Three practical things that CEOs need to know about Data Strategy, Machine Learning (ML) and Artificial Intelligence (AI)
Let me start by highlighting that this post is meant for companies who want to use ML as a business enabler. If you are part of the 90% of companies in the world that are in the business of producing and/ or selling goods and/ or providing services and want to use data as a lever for competitive differentiation, then this post is for you.
In subsequent posts, we will talk about how we can actually capture business value, as part of which we will be introducing our AKF ML Cube framework.

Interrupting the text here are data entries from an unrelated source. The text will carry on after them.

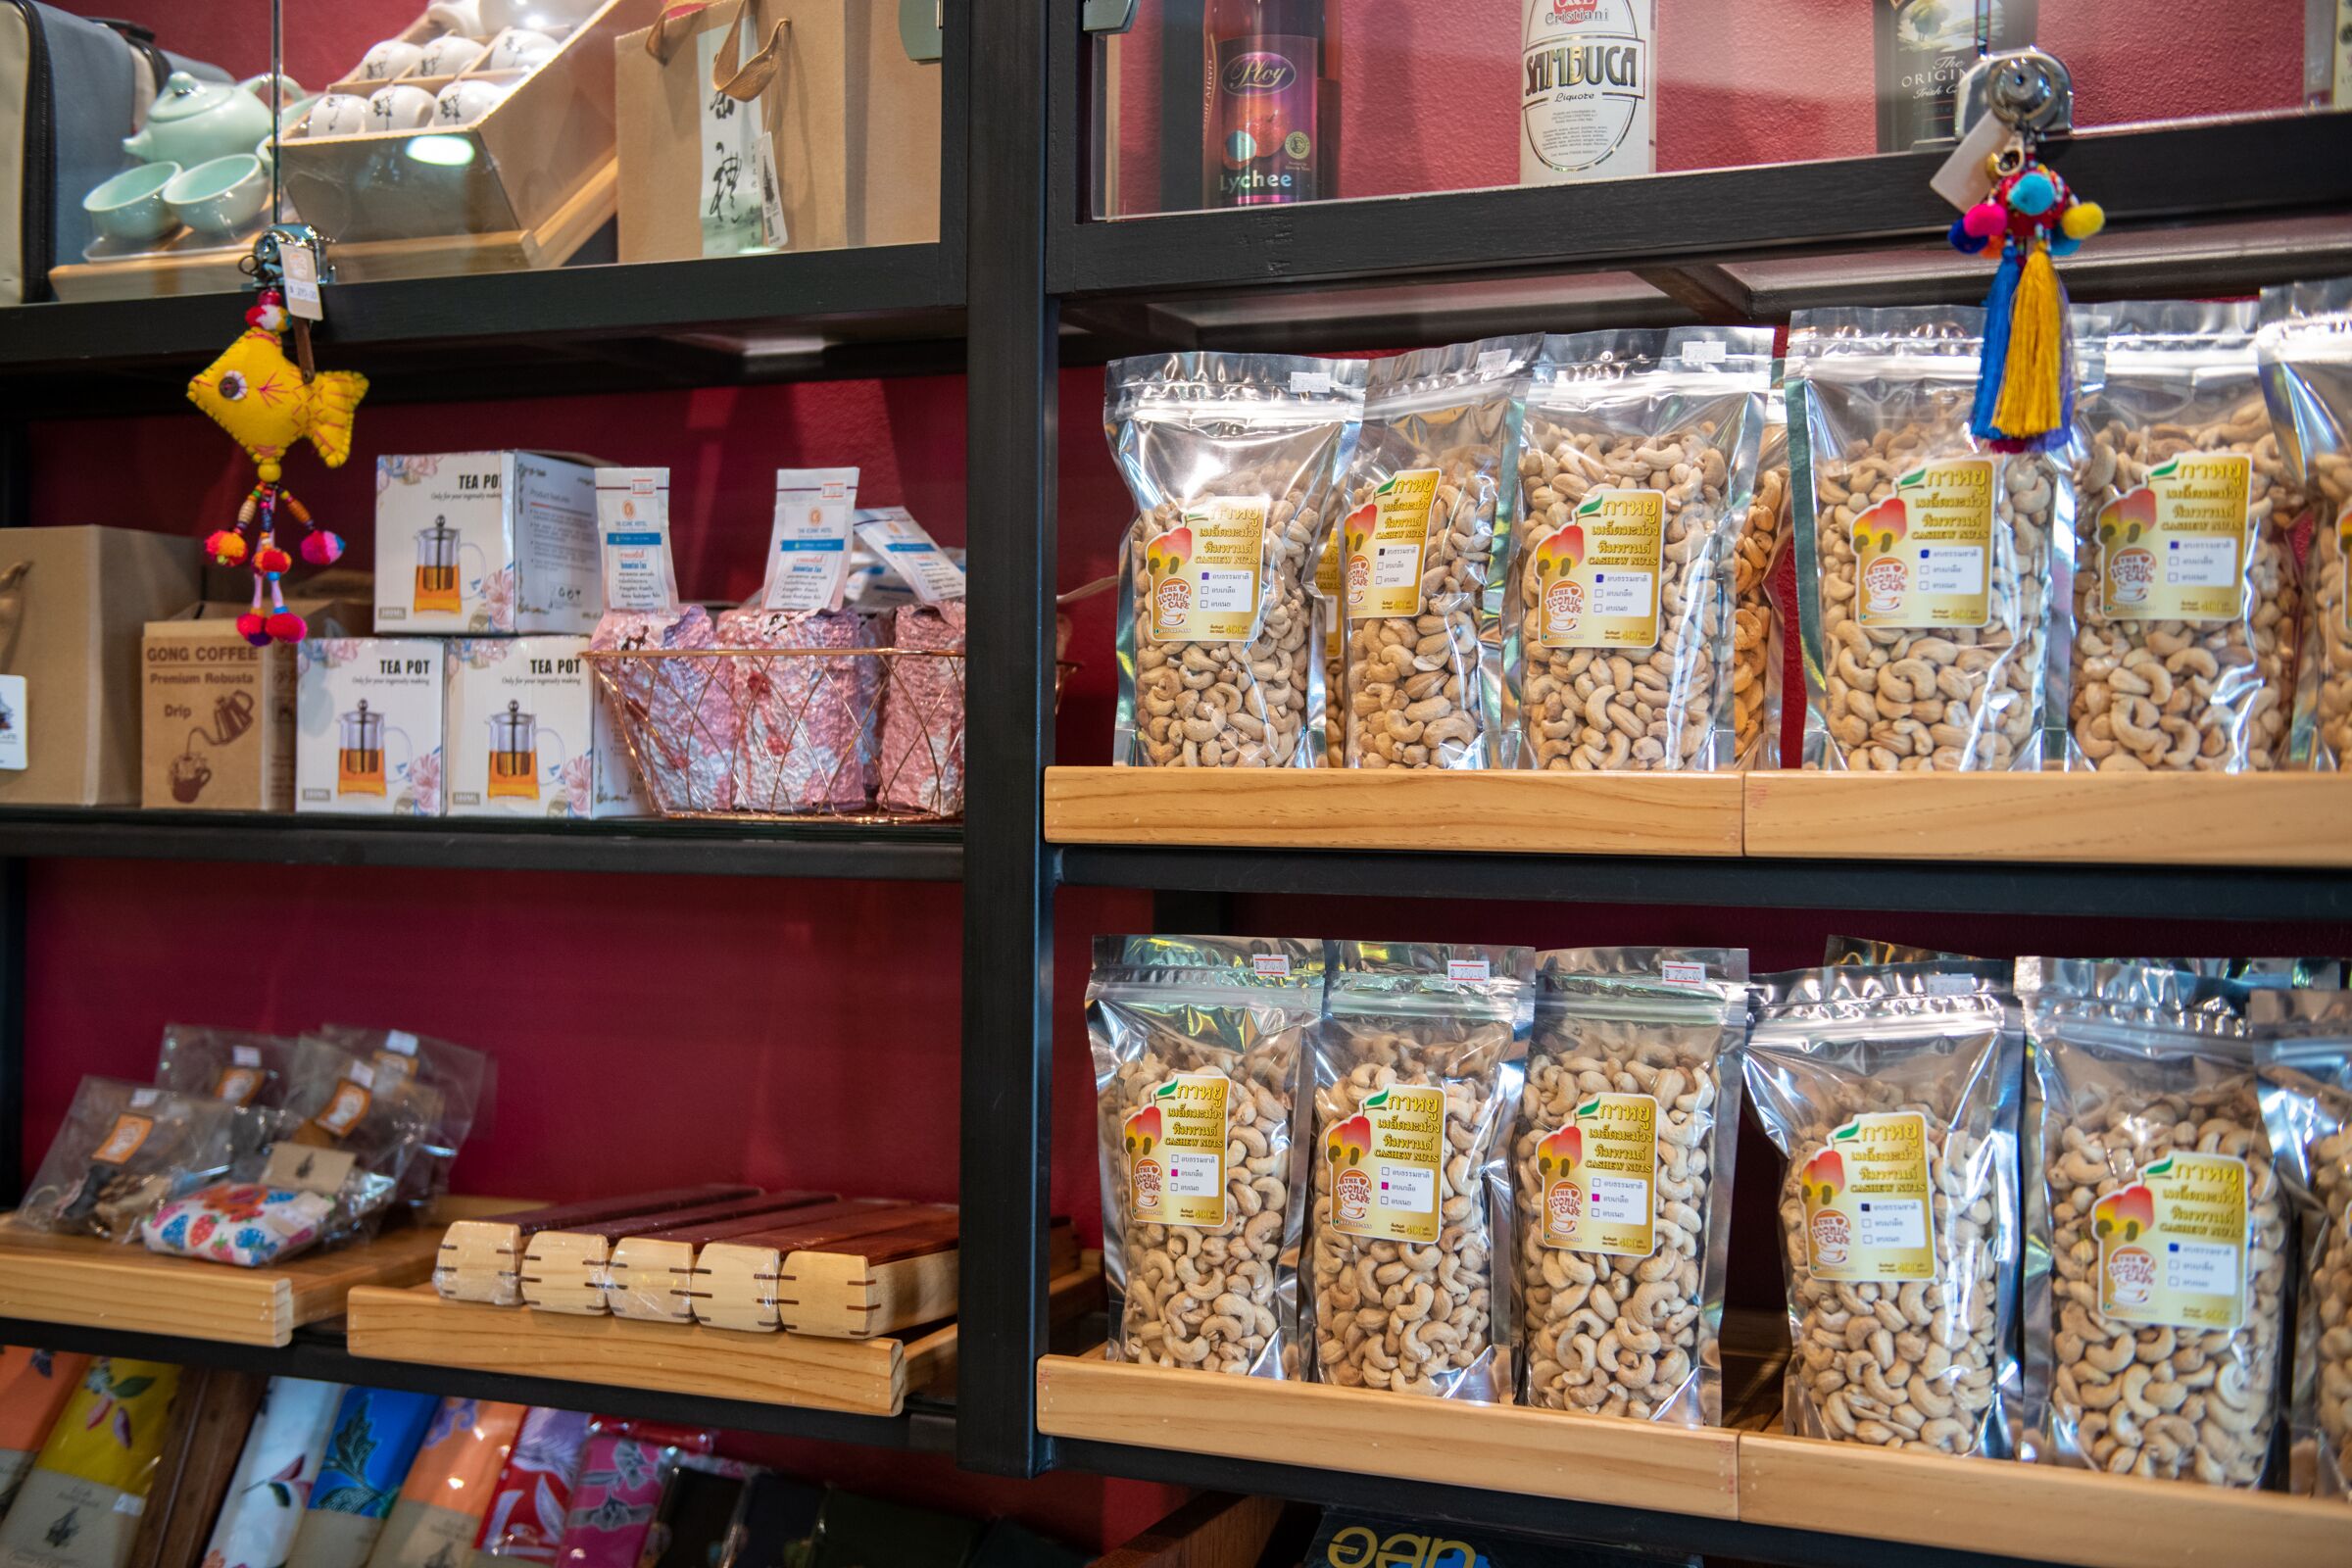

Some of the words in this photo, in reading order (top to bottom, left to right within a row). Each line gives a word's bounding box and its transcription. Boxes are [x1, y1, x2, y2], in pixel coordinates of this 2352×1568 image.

[1545, 8, 1608, 25] Cristiani
[1933, 55, 1964, 70] The
[1230, 55, 1287, 89] Ploy
[1525, 46, 1637, 96] SAMBUCA
[1219, 170, 1292, 194] Lychee
[459, 475, 478, 489] TEA
[1394, 478, 1436, 499] กาหยู
[1928, 468, 1987, 495] กาหยู
[1602, 500, 1658, 523] กาหยู
[1588, 557, 1630, 565] CASHEW
[1631, 557, 1658, 565] NUTS
[1348, 569, 1368, 579] CONIC
[1157, 592, 1190, 606] ICONIC
[1168, 600, 1191, 611] CAFE
[1546, 596, 1582, 610] ICONIC
[1559, 604, 1583, 614] CAFE
[147, 647, 190, 662] GONG
[196, 647, 258, 662] COFFEE
[380, 660, 401, 674] TEA
[407, 660, 430, 674] POT
[530, 659, 552, 674] TEA
[558, 659, 581, 674] POT
[150, 673, 200, 684] Premium
[205, 673, 254, 684] Robusta
[165, 705, 191, 719] Drip
[1176, 1084, 1224, 1107] กาหยู
[1167, 1103, 1224, 1119] เมล็ดมะม่วง
[1389, 1095, 1439, 1121] กาหยู
[1599, 1103, 1650, 1129] กาหยู
[1172, 1122, 1218, 1136] หิมพานต์
[1377, 1115, 1441, 1133] เมล็ดมะม่วง
[1589, 1124, 1653, 1143] เมล็ดมะม่วง
[1862, 1122, 1918, 1147] กาหยู
[1164, 1137, 1200, 1147] CASHEW
[1200, 1138, 1224, 1148] NUTS
[1383, 1134, 1433, 1151] หิมพานต์
[1374, 1150, 1412, 1160] CASHEW
[1413, 1152, 1440, 1162] NUTS
[1585, 1159, 1625, 1171] CASHEW
[1626, 1162, 1652, 1173] NUTS
[1135, 1174, 1160, 1186] ICONIC
[1144, 1182, 1162, 1192] CAFE
[1337, 1185, 1370, 1198] ICONIC
[1349, 1194, 1370, 1204] CAFE
[1548, 1197, 1580, 1210] ICONIC
[1559, 1206, 1582, 1217] CAFE
[1812, 1226, 1849, 1239] ICONIC

Data Strategy or Business Strategy?
I am sure you’ve heard the cliché: “Data is the new oil”. I wish I had a penny every time I heard it! CEOs have bought into the story of leveraging data, (here, here and here), though the business world probably needs a snappy new slogan!
I’ve come across quite a few companies that create a ‘Data Strategy’ to execute on the CEO’s statement. It typically goes like this:
- Hire a team of data scientists and create a specialized group in a silo.
- Create a bureaucracy that ‘governs the data strategy’.
- Muddle around for a couple of years with presentations about ‘data strategy’.
- Piggy-back on some business initiative that succeeded and declare victory.
- Rinse and repeat and increase the size of the bureaucracy.
I'll give you the punchline up front- You need a business strategy enabled by data, NOT a ‘data strategy.’
Here are the three things that business leaders need to know:
- You need data scientists, engineers and business users embedded in product teams, NOT armies of data scientists and a data bureaucracy.
- You will need to spend time to get the data foundation right- data hygiene is the key enabler.
- Automating deployment, monitoring, and retraining of ML models will be your force multiplier.
You need a business strategy enabled by data:
The first statement is self-evident. It makes no sense to have a separate data strategy with a separate prioritization process when the organization has already created a product development roadmap based on the business strategy. The question you should be asking yourself is, where in my product roadmap should I plug in ML models to extract value? Everything flows from the product development prioritization process.
Setting context before getting into the details of the three points:
To better understand the next three points, let us lay out the process to build ML models. That will help us outline where a data team member spends her time. I am also including an approximate time allocation for each step.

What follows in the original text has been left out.